Mental Health Awareness Week – What is stress?

This week it is Mental Health Awareness Week and the focus this year is on stress. In the first of two articles, Pam Palfreyman, Cygnet’s Occupational Health Group Lead, looks at what stress is, work-related stress and signs and symptoms of stress. Check back later this week for a follow up from Pam, looking at strategies for how you can manage your own stress levels.

Pam writes:

Work is generally good for people if it is well designed:

  • It contributes to our happiness and self-worth
  • Gives us a sense of identity
  • Helps us build self-confidence
  • Helps us build self–esteem
  • Rewards us financially

But work can also be a great source of pressure. Pressure can be a positive and a motivating factor, it can help us achieve our goals, spur us on to solve a difficult problem or challenge us to go the extra distance to achieve that goal. However, excessive pressure over a prolonged period of time can cause you to feel stressed, it can make you ill both physically and mentally.

Did you know?

  • 1 in 6 employees in Britain will experience depression, anxiety or problems relating to stress at any one time?
  • In 2017 526,000 employees experienced workplace stress and 1.25 million working days were lost due to work related depression, anxiety and stress.

So what is stress?

  • Stress is nothing else but your body’s response to mental or emotional pressure
  • Stress is a natural reaction when this pressure becomes excessive
  • Stress is not an illness but if it becomes excessive and/or prolonged, mental and physical illness may develop
  • Anyone can suffer from work related stress, no matter what work they do

Sources of stress

Not all sources of stress are negative, even happy occasions can cause increased pressure in our lives. Some of the common sources of stress include:

  • Leaving home, getting married, having children
  • Moving house
  • Health scares or physical illness
  • Divorce
  • Coping with uncertainty
  • Late nights, lack of routine
  • Poor diet, dehydration
  • Excessive alcohol or drug misuse

Work related stress

There are times when pressures at work can become stressful, some factors to consider if you are feeling stressed include:

  • Long hours and shift work
  • Increased work load
  • Coping with a promotion
  • Poor relationships with colleagues
  • Lack of control or job insecurity
  • Lack of job satisfaction, boredom or isolation
  • Fear of violence, bullying or harassment
  • Problems with the working environment (such as noise, temperature, overcrowding and poor facilities)
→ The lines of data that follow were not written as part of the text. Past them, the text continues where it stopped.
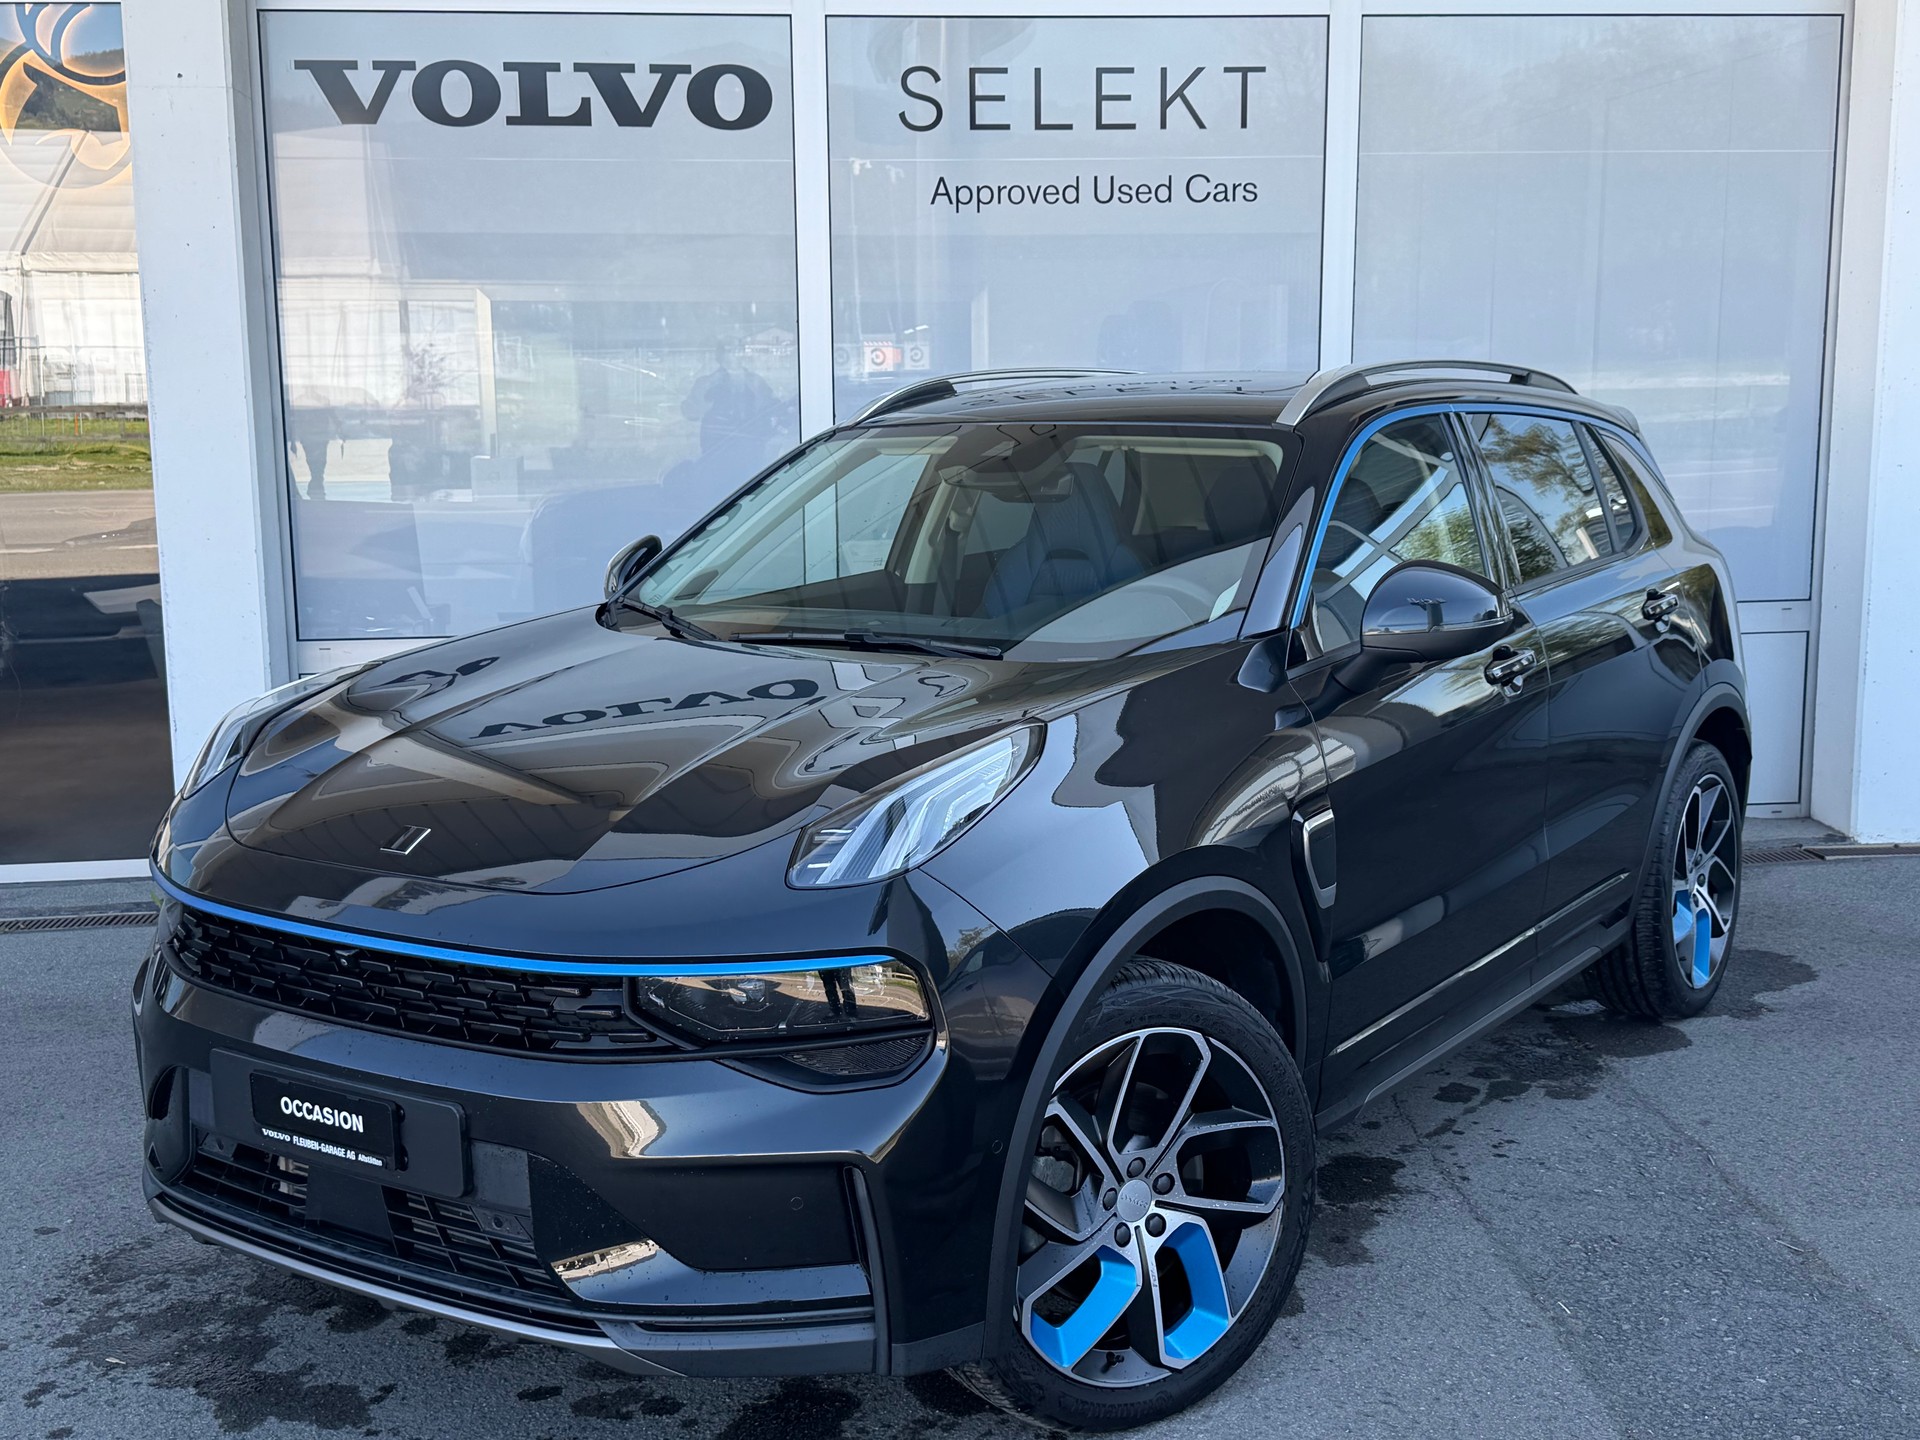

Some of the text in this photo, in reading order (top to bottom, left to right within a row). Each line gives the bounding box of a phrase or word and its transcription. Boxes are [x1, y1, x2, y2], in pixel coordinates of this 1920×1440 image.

[294, 59, 773, 130] VOLVO
[898, 66, 1267, 132] SELEKT
[930, 173, 1258, 213] Approved Used Cars
[280, 1096, 364, 1133] OCCASION
[262, 1128, 290, 1141] VOLVO
[346, 1150, 355, 1160] AG
Signs and symptoms of stress

The key signs of excessive pressure or stress can be split into 3 main categories:

1. Emotionally you may experience:

  • Increased irritability, anxiety & negative emotions
  • Loss of confidence
  • Tearfulness or helplessness
  • Lack of interest in others or in life

2. Behaviourally you may experience:

  • Loss of concentration
  • Increased intake of alcohol, cigarettes, or drugs
  • Difficulty in remembering things

3. Physically you may experience:

  • Constant tiredness
  • Raised blood pressure
  • Back pains, tension, headaches, palpitations
  • Sexual problems
  • Sleep & gastrointestinal disturbances
  • Increased risk of cardiovascular disease

What happens to our bodies when we are stressed?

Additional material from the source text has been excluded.